◆ Exercise
Print exactly, and only, the lines from the one containing "this 1334×1124 image." through the last line of the records below, both included; leave out the pictures.

[[ Exercise materials open ]]

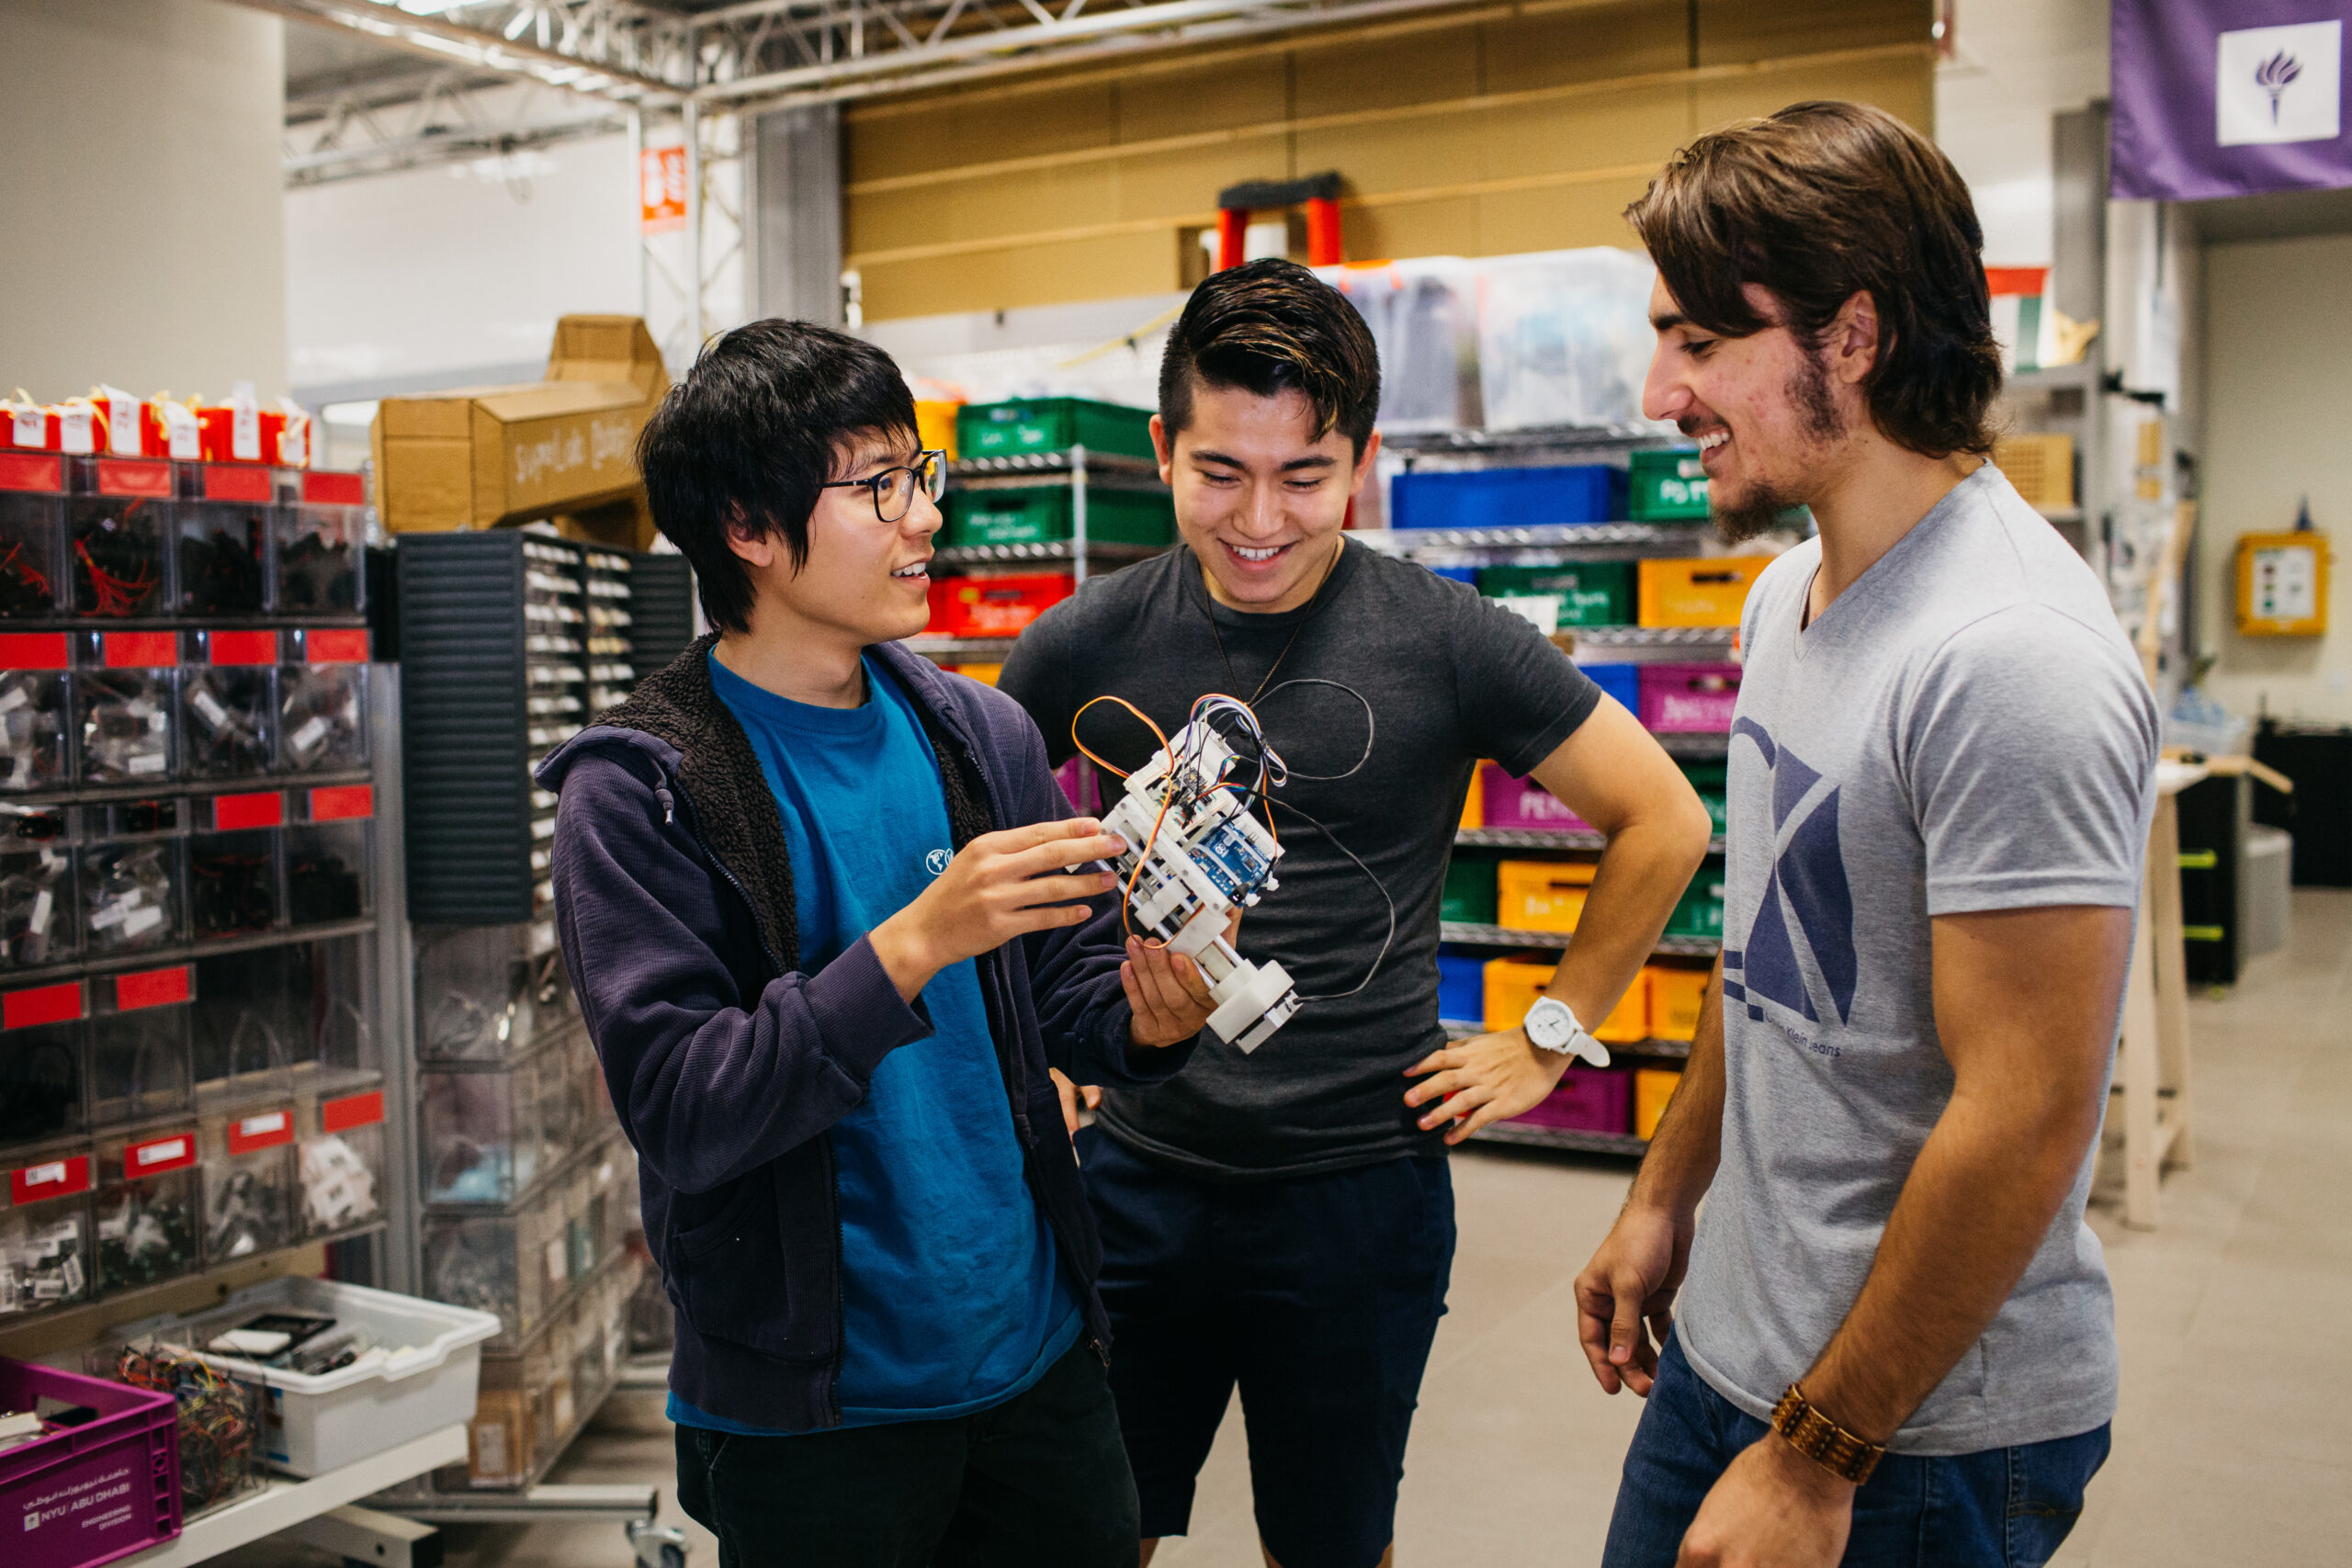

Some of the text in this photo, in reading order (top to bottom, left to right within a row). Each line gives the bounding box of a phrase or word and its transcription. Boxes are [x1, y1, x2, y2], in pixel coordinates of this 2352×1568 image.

[1808, 1041, 1842, 1058] eans
[41, 1483, 130, 1522] NYU ABU DHABI
[81, 1504, 131, 1529] ENGINEERING
[98, 1513, 131, 1530] DIVISION
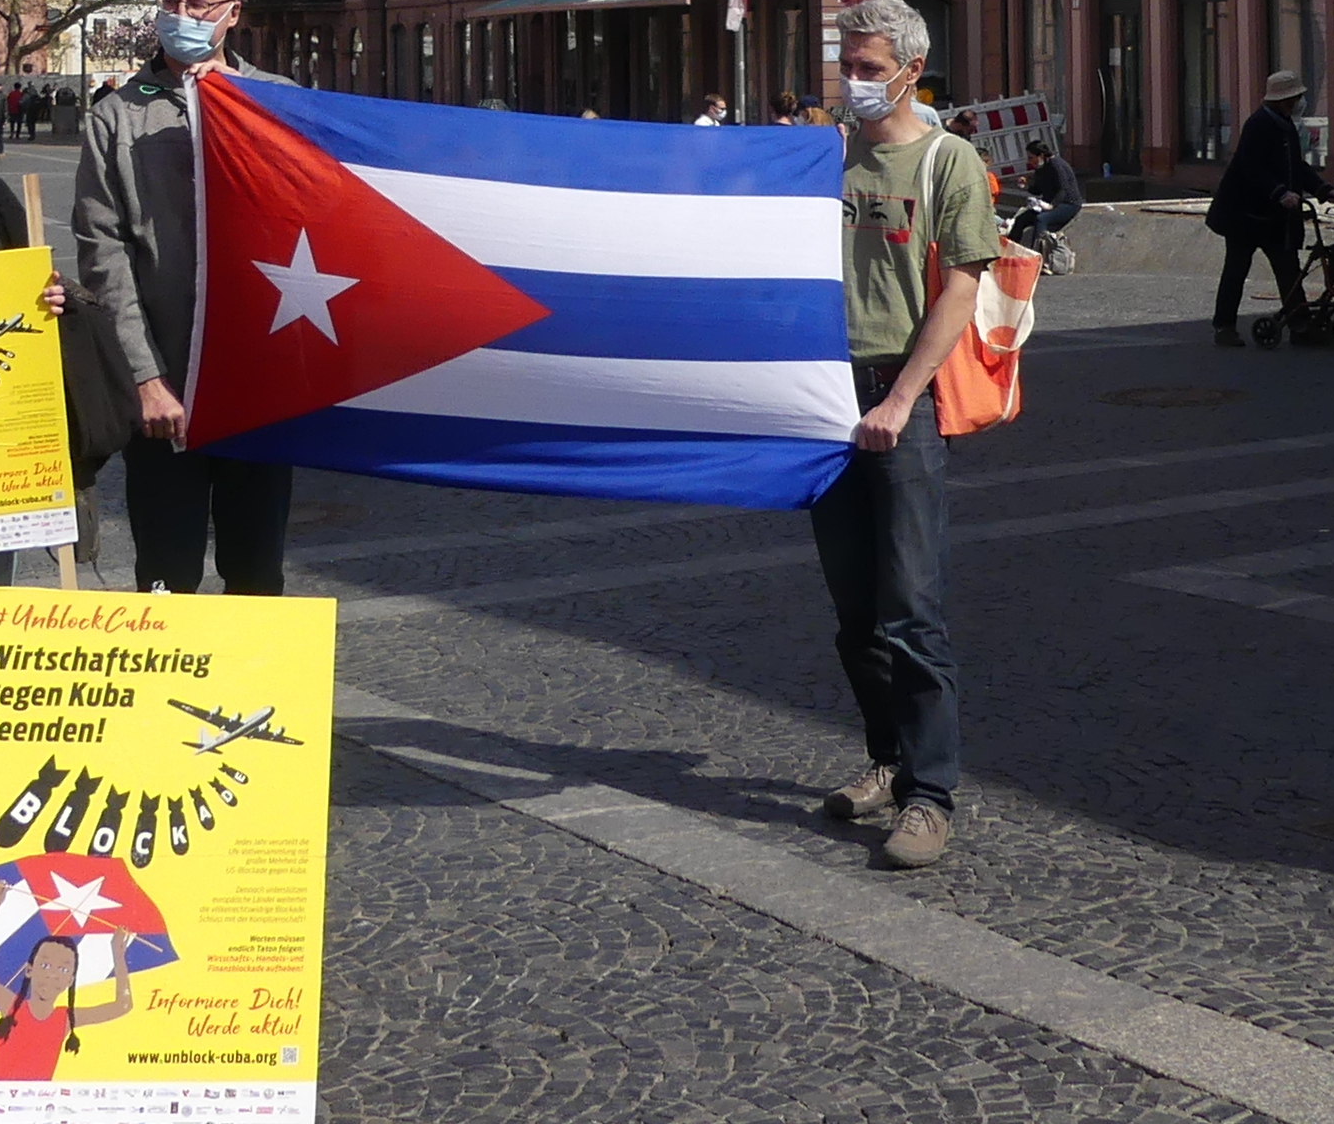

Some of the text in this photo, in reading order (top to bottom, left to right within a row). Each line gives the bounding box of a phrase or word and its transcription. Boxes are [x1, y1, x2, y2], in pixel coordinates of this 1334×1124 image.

[68, 682, 135, 707] Kuba
[146, 987, 304, 1015] Informiere Dich!
[187, 1012, 303, 1037] Werde aktiv!
[128, 1050, 278, 1066] www.unblock-cuba.org
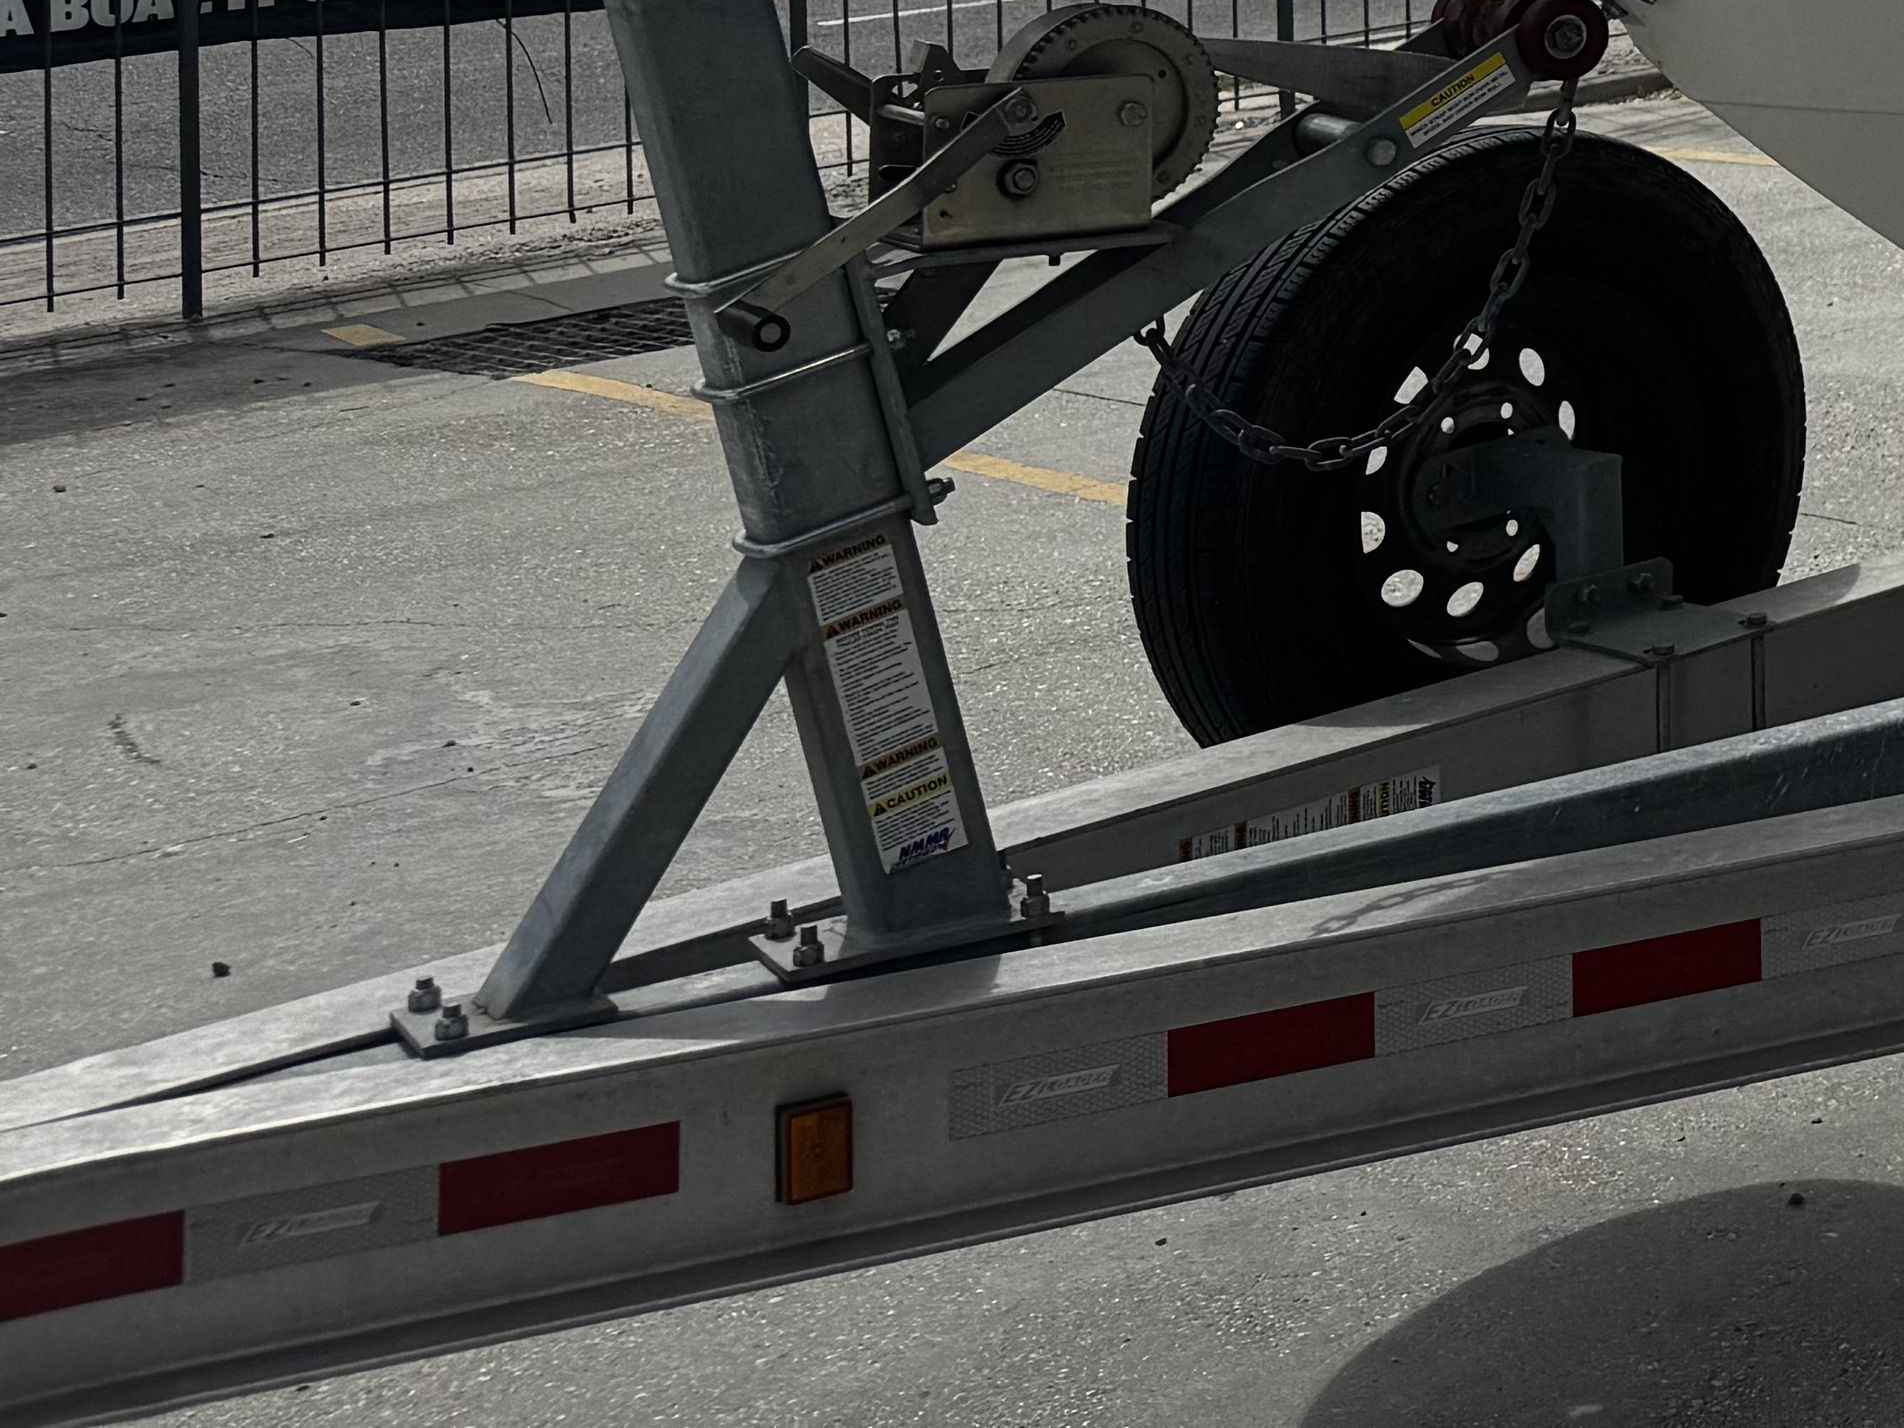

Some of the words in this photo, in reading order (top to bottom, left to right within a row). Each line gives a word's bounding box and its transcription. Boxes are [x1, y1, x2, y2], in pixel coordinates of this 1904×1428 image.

[[ Exercise materials closed ]]

◆ Result
Some of the text in this photo, in reading order (top to bottom, left to right within a row). Each line gives the bounding box of a phrase or word and its transcription. Boxes are [x1, y1, x2, y2], in pixel coordinates of this 1334×1124 image.

[68, 682, 135, 707] Kuba
[146, 987, 304, 1015] Informiere Dich!
[187, 1012, 303, 1037] Werde aktiv!
[128, 1050, 278, 1066] www.unblock-cuba.org

Some of the words in this photo, in reading order (top to bottom, left to right within a row). Each line gives a word's bounding box and its transcription. Boxes are [x1, y1, x2, y2], in pixel coordinates of this 1904×1428 image.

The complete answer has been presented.